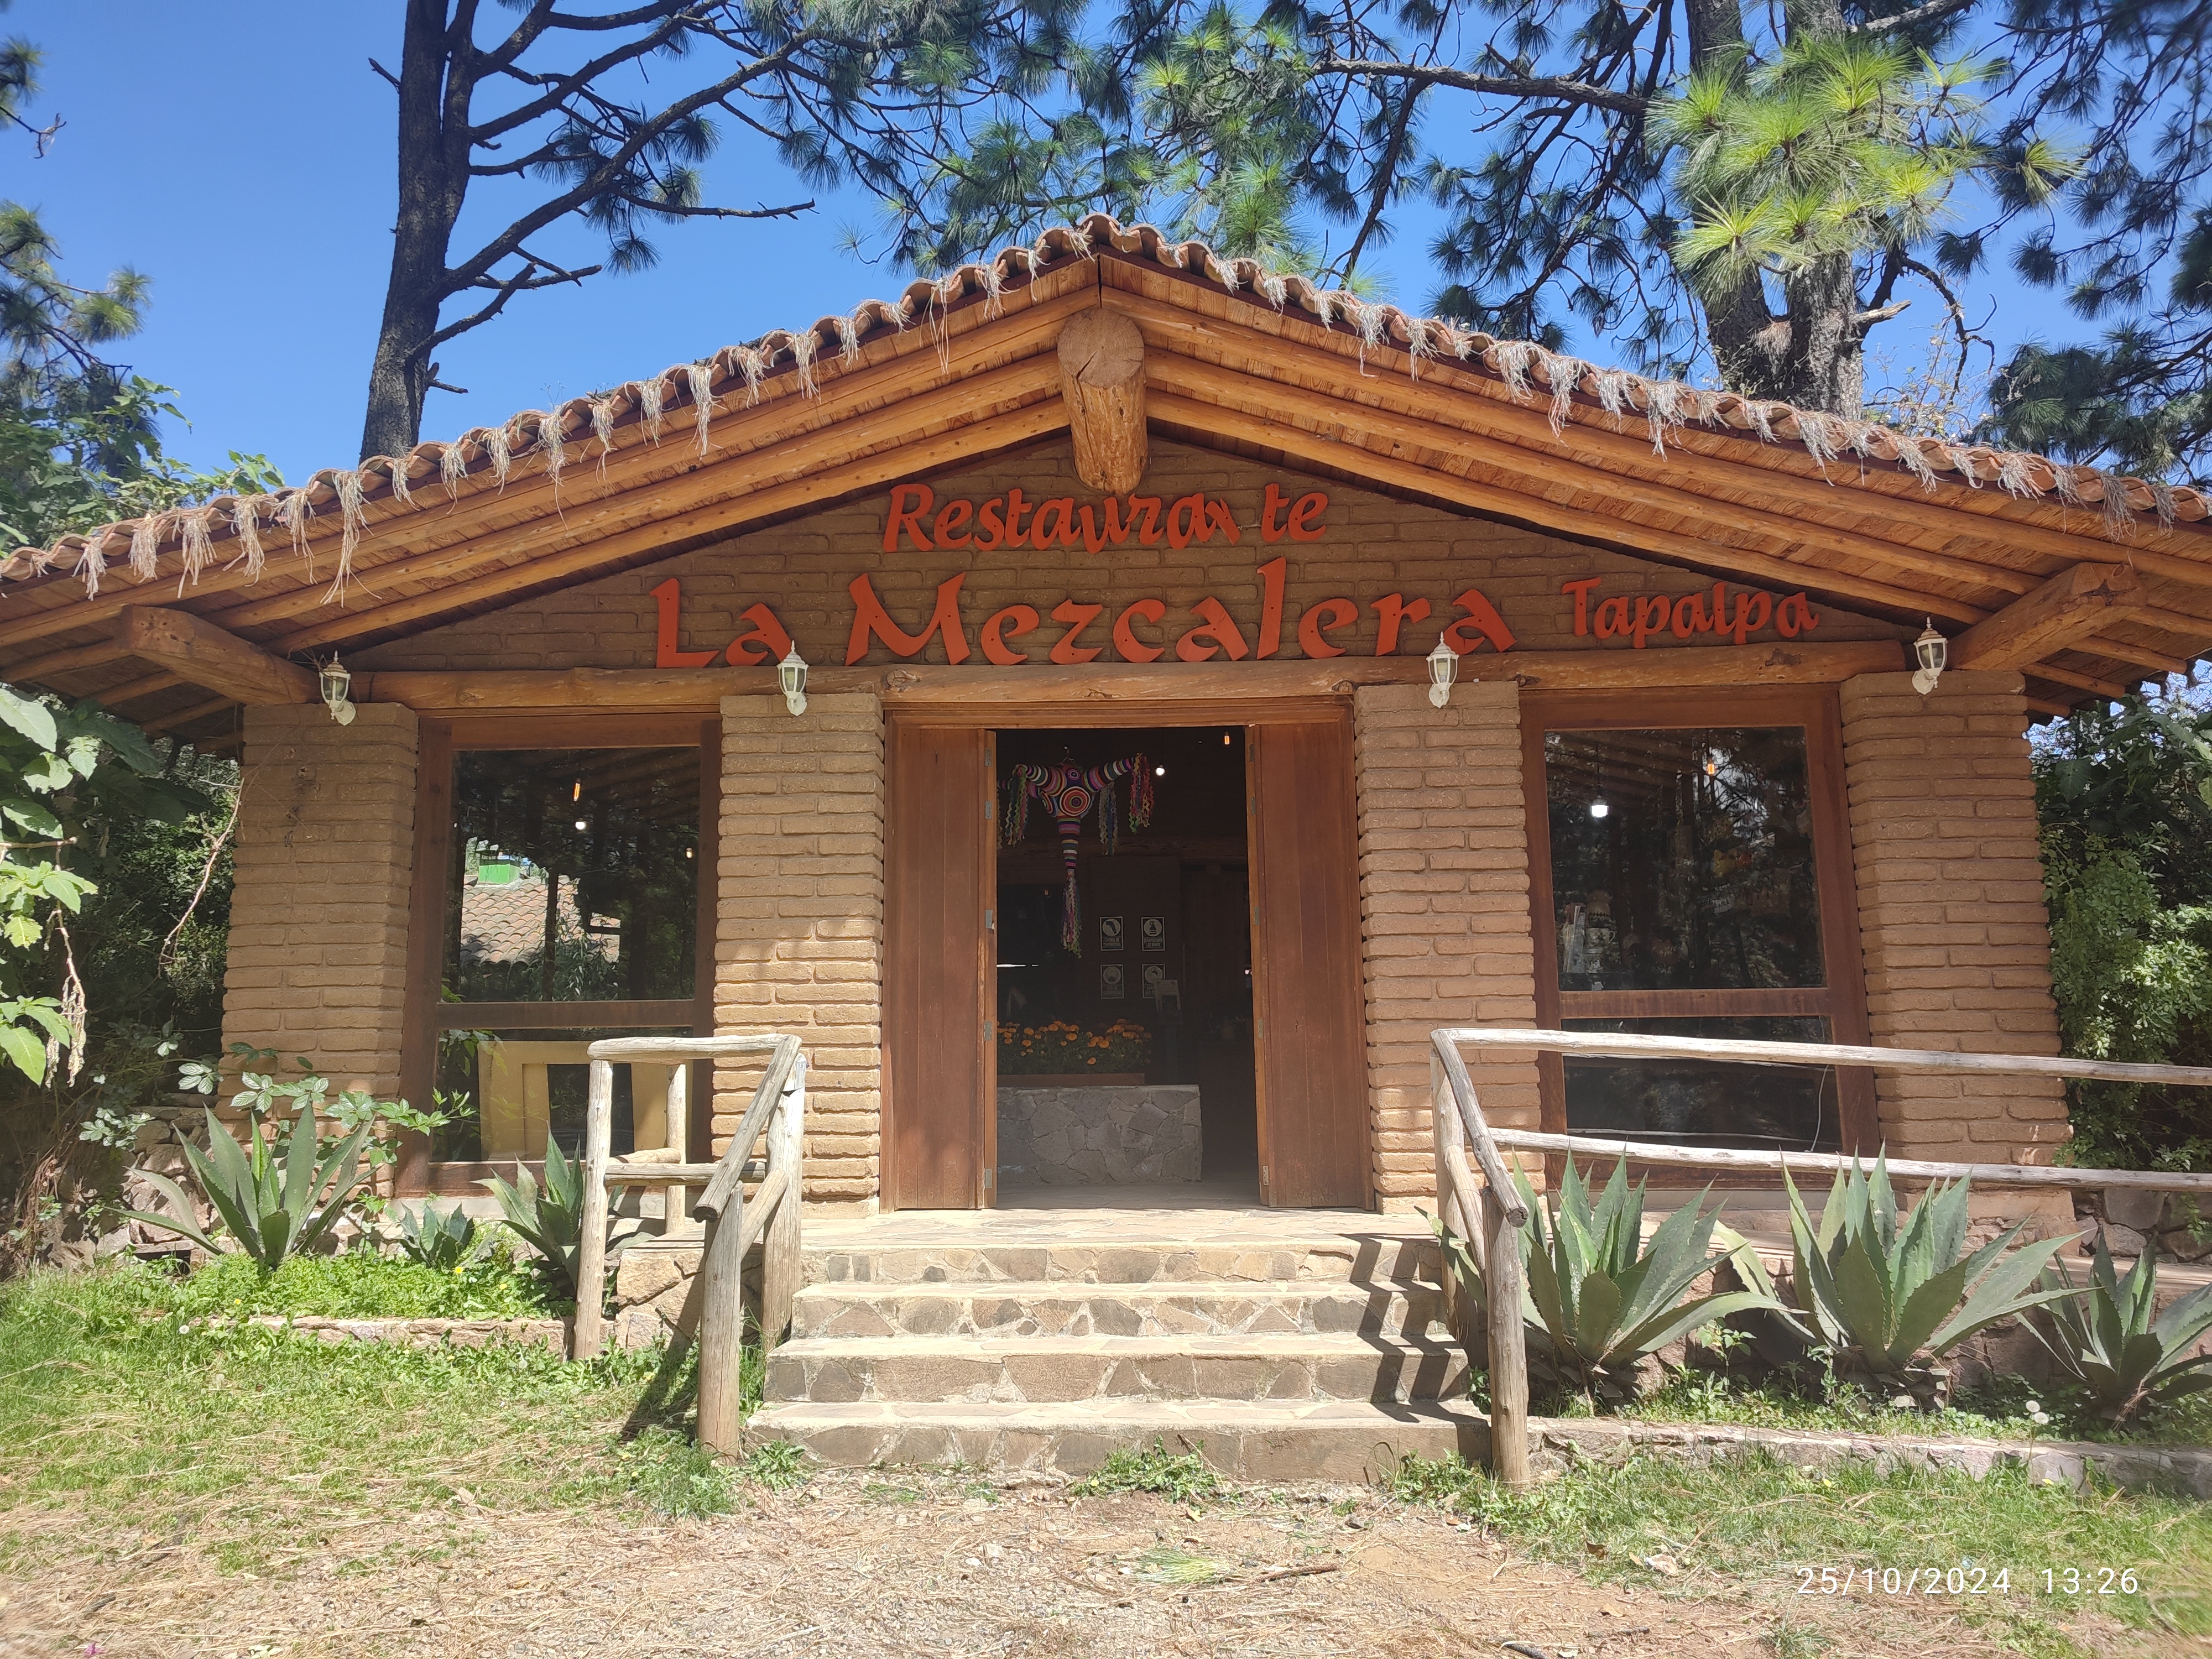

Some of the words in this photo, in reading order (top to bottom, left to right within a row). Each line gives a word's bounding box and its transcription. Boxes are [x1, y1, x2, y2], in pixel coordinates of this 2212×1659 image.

[649, 577, 794, 667] La
[845, 556, 1517, 666] Mezcalera
[1562, 577, 1819, 649] Tapalpa
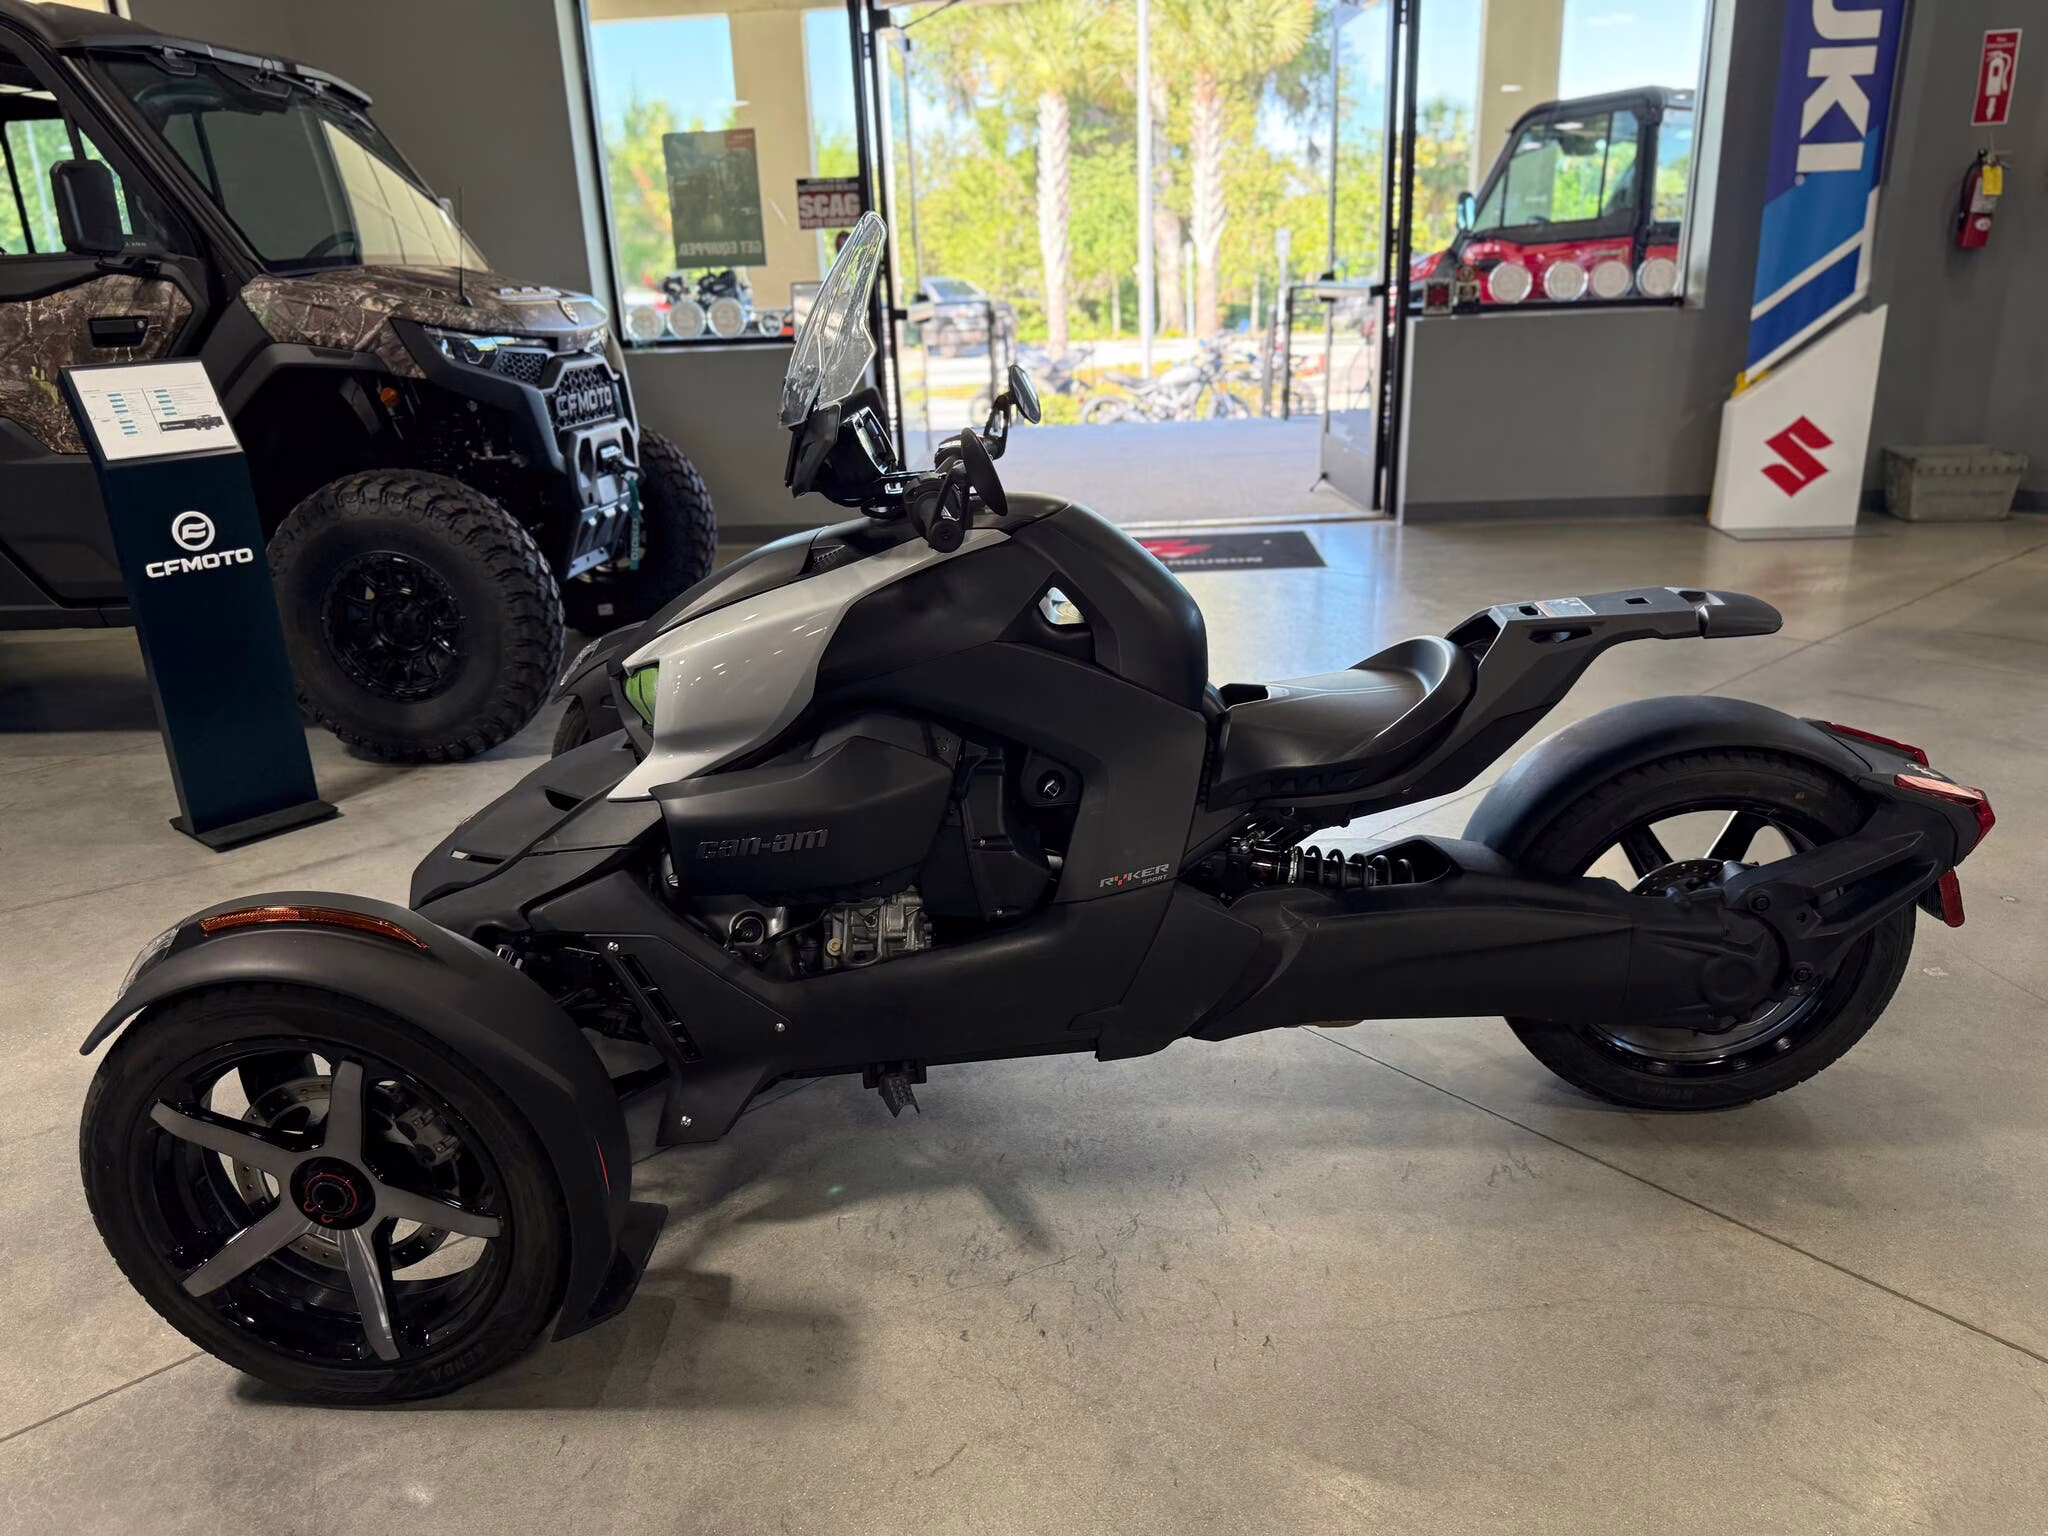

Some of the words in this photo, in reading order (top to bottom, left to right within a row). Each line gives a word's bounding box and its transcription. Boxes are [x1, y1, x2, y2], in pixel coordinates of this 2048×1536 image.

[799, 192, 861, 218] SCAG
[556, 386, 613, 418] CFMOTO
[146, 547, 254, 578] CFMOTO
[696, 829, 829, 859] can-am
[1100, 863, 1170, 888] RYKER
[1142, 874, 1168, 885] SPORT

+===+

▶ **WHAT TO DO**:
When you reach an image, pass over it, and retype all other material exactly.

▶ **EXERCISE ANSWER**:
Some of the words in this photo, in reading order (top to bottom, left to right within a row). Each line gives a word's bounding box and its transcription. Boxes are [x1, y1, x2, y2], in pixel coordinates of this 2212×1659 image.

[649, 577, 794, 667] La
[845, 556, 1517, 666] Mezcalera
[1562, 577, 1819, 649] Tapalpa

Some of the words in this photo, in reading order (top to bottom, left to right within a row). Each line gives a word's bounding box and its transcription. Boxes are [x1, y1, x2, y2], in pixel coordinates of this 2048×1536 image.

[799, 192, 861, 218] SCAG
[556, 386, 613, 418] CFMOTO
[146, 547, 254, 578] CFMOTO
[696, 829, 829, 859] can-am
[1100, 863, 1170, 888] RYKER
[1142, 874, 1168, 885] SPORT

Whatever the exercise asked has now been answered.